Annotated photo localization data
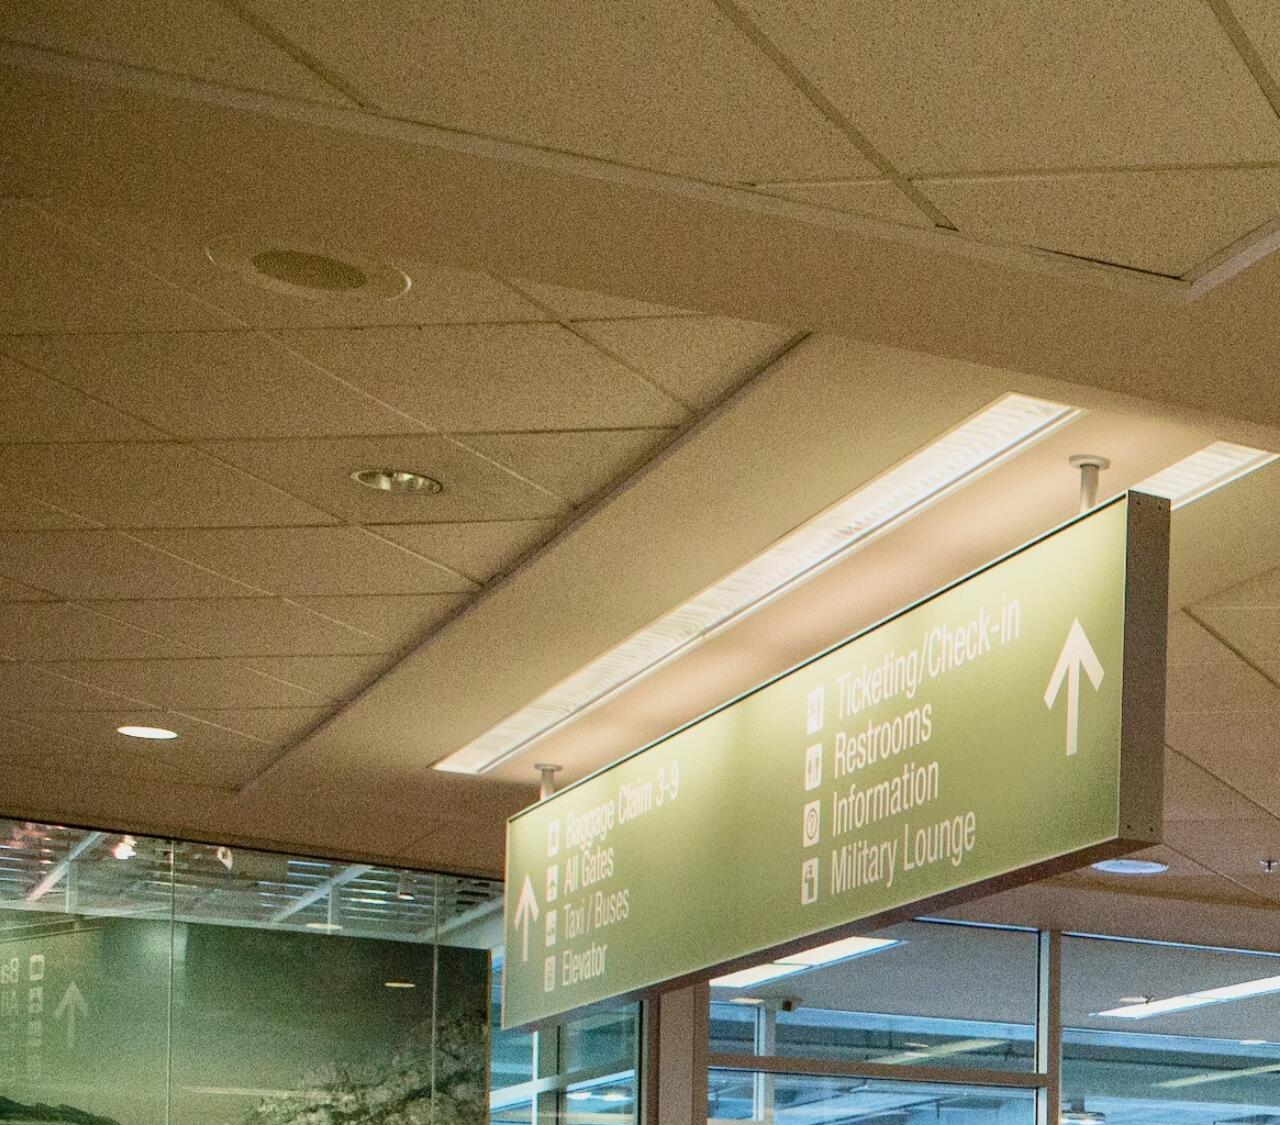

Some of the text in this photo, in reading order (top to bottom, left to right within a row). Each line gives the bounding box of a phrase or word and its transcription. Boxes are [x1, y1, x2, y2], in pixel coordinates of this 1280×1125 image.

[836, 594, 1021, 720] Ticketing/Check-in
[834, 703, 932, 779] Restrooms
[566, 759, 680, 850] Baggage Claim 3-9
[832, 761, 939, 837] Information
[564, 846, 614, 896] All Gates
[831, 811, 976, 895] Military Lounge
[563, 897, 585, 940] Taxi
[595, 888, 630, 929] Buses
[562, 942, 608, 986] Elevator
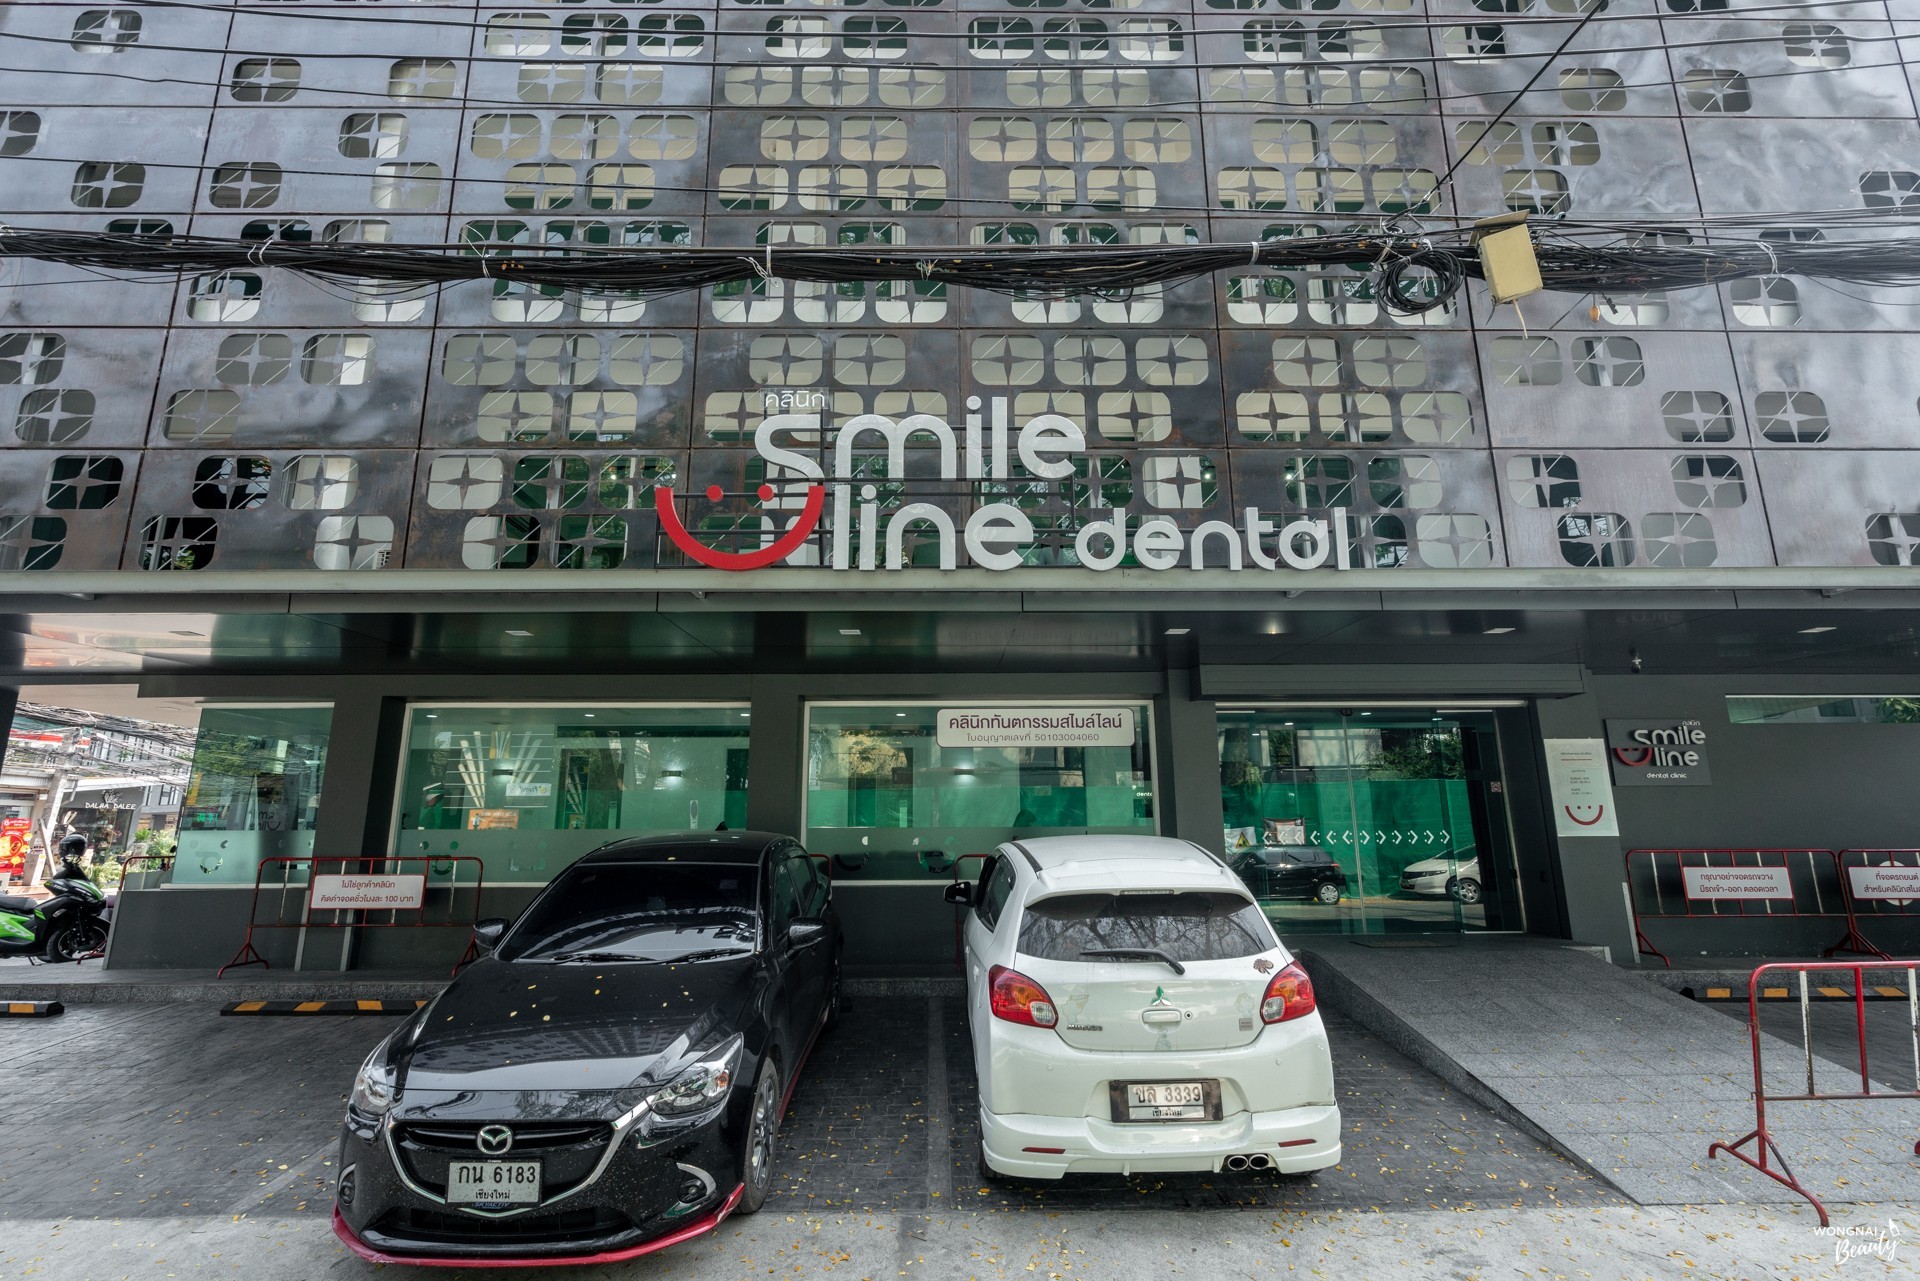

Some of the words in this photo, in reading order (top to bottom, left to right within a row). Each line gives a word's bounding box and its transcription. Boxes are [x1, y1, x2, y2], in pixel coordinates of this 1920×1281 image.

[765, 390, 825, 408] คลินิก
[755, 396, 1087, 481] smile
[833, 484, 1035, 571] line
[1074, 506, 1351, 571] dental
[949, 713, 1122, 729] คลินิกทันตกรรมสไมล์ไลน์
[967, 731, 1031, 743] ใบอนุญาตเลขที่
[1034, 733, 1100, 742] 50103004060
[1633, 725, 1706, 745] smile
[1654, 747, 1699, 766] line
[341, 880, 395, 890] ไม่ใช่ลูกค้าคลินิก
[1700, 872, 1774, 882] กรุณาอย่าจอดรถขวาง
[1743, 885, 1778, 893] ตลอดเวลา
[1164, 1086, 1201, 1102] 3339
[458, 1165, 484, 1184] กน
[493, 1165, 536, 1184] 6183
[475, 1189, 511, 1199] เชียงใหม่
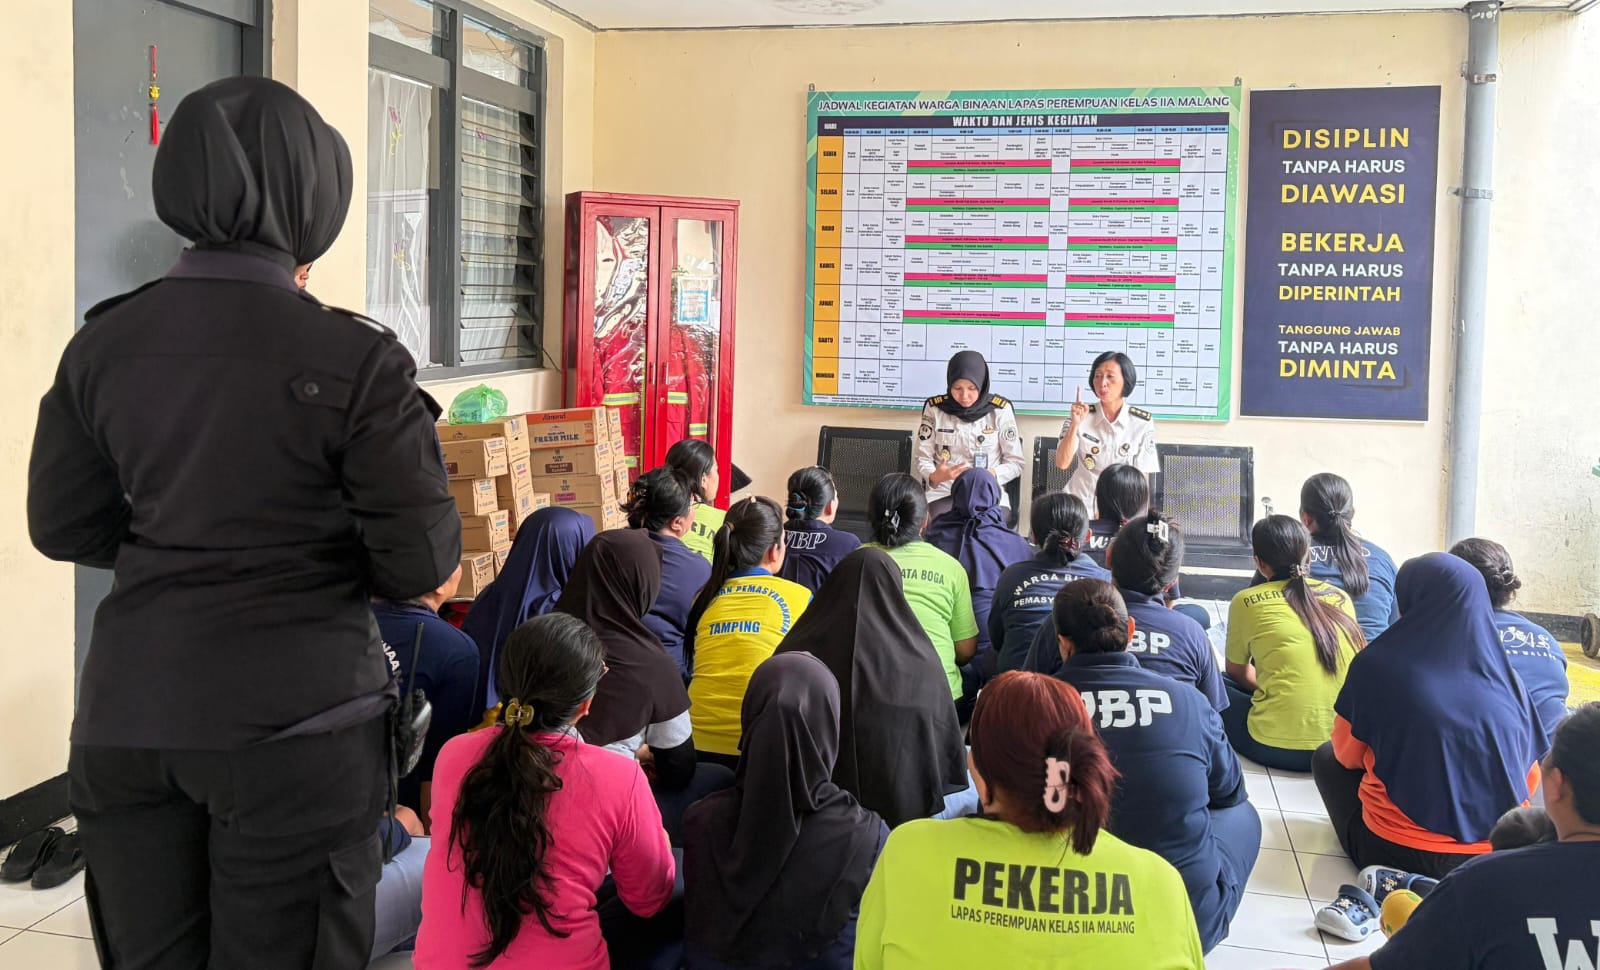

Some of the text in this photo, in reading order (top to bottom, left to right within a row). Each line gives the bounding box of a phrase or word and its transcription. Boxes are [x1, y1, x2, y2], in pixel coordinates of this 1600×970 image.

[818, 97, 1230, 111] JADWAL KEGIATAN WARGA BINAAN LAPAS PEREMPUAN KELAS IIA MALANG
[952, 115, 1098, 127] WAKTU DAN JENIS KEGIATAN
[1282, 127, 1410, 149] DISIPLIN
[1282, 159, 1405, 174] TANPA HARUS
[1281, 183, 1405, 204] DIAWASI
[1281, 232, 1405, 253] BEKERJA
[1278, 263, 1404, 278] TANPA HARUS
[1279, 285, 1401, 302] DIPERINTAH
[1278, 325, 1401, 336] TANGGUNG JAWAB
[1278, 341, 1399, 356] TANPA HARUS
[1279, 359, 1396, 380] DIMINTA
[560, 433, 580, 441] MILK
[921, 569, 945, 586] BOGA
[1013, 573, 1058, 596] WARGA
[735, 584, 791, 634] PEMASYARAKATAN
[709, 621, 760, 635] TAMPING
[953, 857, 1135, 916] PEKERJA
[951, 905, 1135, 935] LAPAS PEREMPUAN KELAS IIA MALANG
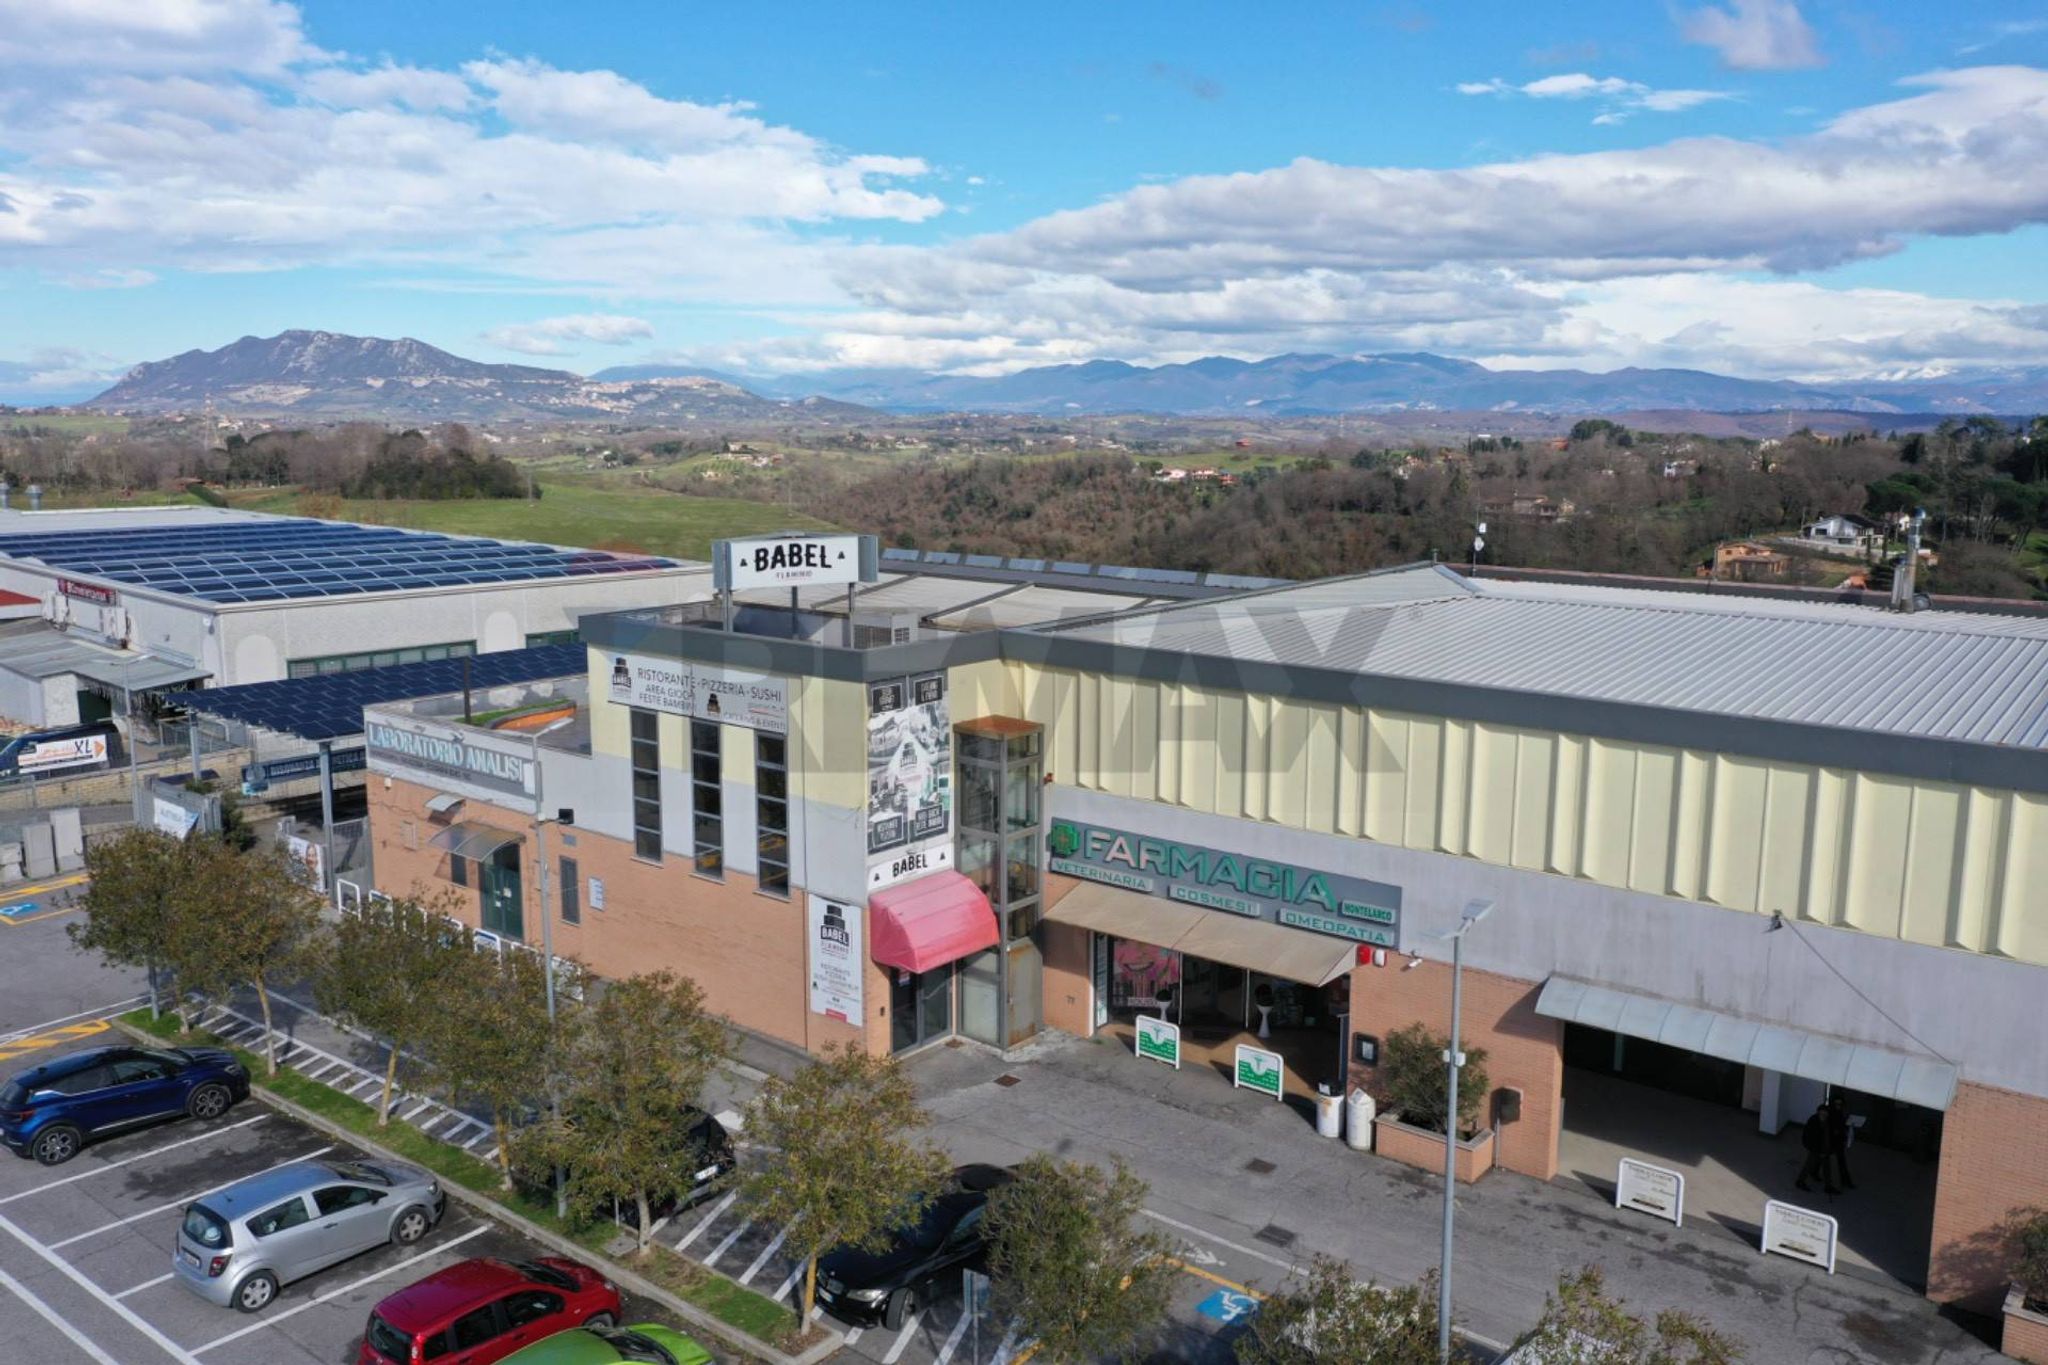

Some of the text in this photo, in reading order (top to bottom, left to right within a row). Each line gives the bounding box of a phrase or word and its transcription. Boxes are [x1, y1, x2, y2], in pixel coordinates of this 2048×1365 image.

**EXERCISE BRIEF:**
Transcribe the records above exactly, leaving every picture out of the copy.

**EXPECTED ANSWER:**
Some of the text in this photo, in reading order (top to bottom, left to right within a row). Each line gives the bounding box of a phrase or word and its transcription. Boxes are [x1, y1, x2, y2], in pixel coordinates of this 1280×1125 image.

[836, 594, 1021, 720] Ticketing/Check-in
[834, 703, 932, 779] Restrooms
[566, 759, 680, 850] Baggage Claim 3-9
[832, 761, 939, 837] Information
[564, 846, 614, 896] All Gates
[831, 811, 976, 895] Military Lounge
[563, 897, 585, 940] Taxi
[595, 888, 630, 929] Buses
[562, 942, 608, 986] Elevator

Some of the words in this photo, in reading order (top to bottom, left to right within a row). Each line gives a word's bounding box and its transcription. Boxes are [x1, y1, x2, y2], in pixel coordinates of this 1920×1281 image.

[765, 390, 825, 408] คลินิก
[755, 396, 1087, 481] smile
[833, 484, 1035, 571] line
[1074, 506, 1351, 571] dental
[949, 713, 1122, 729] คลินิกทันตกรรมสไมล์ไลน์
[967, 731, 1031, 743] ใบอนุญาตเลขที่
[1034, 733, 1100, 742] 50103004060
[1633, 725, 1706, 745] smile
[1654, 747, 1699, 766] line
[341, 880, 395, 890] ไม่ใช่ลูกค้าคลินิก
[1700, 872, 1774, 882] กรุณาอย่าจอดรถขวาง
[1743, 885, 1778, 893] ตลอดเวลา
[1164, 1086, 1201, 1102] 3339
[458, 1165, 484, 1184] กน
[493, 1165, 536, 1184] 6183
[475, 1189, 511, 1199] เชียงใหม่

Some of the text in this photo, in reading order (top to bottom, left to right within a row). Each line gives the bounding box of a phrase or word and its transcription. Boxes are [x1, y1, x2, y2], in pixel coordinates of this 1600×970 image.

[818, 97, 1230, 111] JADWAL KEGIATAN WARGA BINAAN LAPAS PEREMPUAN KELAS IIA MALANG
[952, 115, 1098, 127] WAKTU DAN JENIS KEGIATAN
[1282, 127, 1410, 149] DISIPLIN
[1282, 159, 1405, 174] TANPA HARUS
[1281, 183, 1405, 204] DIAWASI
[1281, 232, 1405, 253] BEKERJA
[1278, 263, 1404, 278] TANPA HARUS
[1279, 285, 1401, 302] DIPERINTAH
[1278, 325, 1401, 336] TANGGUNG JAWAB
[1278, 341, 1399, 356] TANPA HARUS
[1279, 359, 1396, 380] DIMINTA
[560, 433, 580, 441] MILK
[921, 569, 945, 586] BOGA
[1013, 573, 1058, 596] WARGA
[735, 584, 791, 634] PEMASYARAKATAN
[709, 621, 760, 635] TAMPING
[953, 857, 1135, 916] PEKERJA
[951, 905, 1135, 935] LAPAS PEREMPUAN KELAS IIA MALANG

Some of the text in this photo, in reading order (top to bottom, left to right within a row). Each line gives the bounding box of a phrase or word and its transcription. Boxes are [x1, y1, x2, y2], in pixel coordinates of this 2048×1365 image.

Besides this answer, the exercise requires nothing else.